WHAT IS BEING ASKED: Your answer should repeat every record verbatim.

Records from a data source:
*** Block opens ***
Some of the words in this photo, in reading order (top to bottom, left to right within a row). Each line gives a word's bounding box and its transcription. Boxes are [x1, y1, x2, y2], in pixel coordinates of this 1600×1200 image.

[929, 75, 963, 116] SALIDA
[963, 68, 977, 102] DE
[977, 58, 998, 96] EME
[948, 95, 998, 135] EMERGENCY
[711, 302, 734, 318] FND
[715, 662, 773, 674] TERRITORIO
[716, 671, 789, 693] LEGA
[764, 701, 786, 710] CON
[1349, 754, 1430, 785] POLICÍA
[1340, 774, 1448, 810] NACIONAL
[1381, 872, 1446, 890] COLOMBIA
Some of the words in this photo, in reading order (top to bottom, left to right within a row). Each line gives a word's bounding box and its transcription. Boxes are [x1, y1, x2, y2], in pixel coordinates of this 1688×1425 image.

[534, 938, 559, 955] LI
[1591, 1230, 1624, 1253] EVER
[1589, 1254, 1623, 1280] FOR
*** Block closes ***
RESPONSE AREA:
Some of the words in this photo, in reading order (top to bottom, left to right within a row). Each line gives a word's bounding box and its transcription. Boxes are [x1, y1, x2, y2], in pixel coordinates of this 1600×1200 image.

[929, 75, 963, 116] SALIDA
[963, 68, 977, 102] DE
[977, 58, 998, 96] EME
[948, 95, 998, 135] EMERGENCY
[711, 302, 734, 318] FND
[715, 662, 773, 674] TERRITORIO
[716, 671, 789, 693] LEGA
[764, 701, 786, 710] CON
[1349, 754, 1430, 785] POLICÍA
[1340, 774, 1448, 810] NACIONAL
[1381, 872, 1446, 890] COLOMBIA
Some of the words in this photo, in reading order (top to bottom, left to right within a row). Each line gives a word's bounding box and its transcription. Boxes are [x1, y1, x2, y2], in pixel coordinates of this 1688×1425 image.

[534, 938, 559, 955] LI
[1591, 1230, 1624, 1253] EVER
[1589, 1254, 1623, 1280] FOR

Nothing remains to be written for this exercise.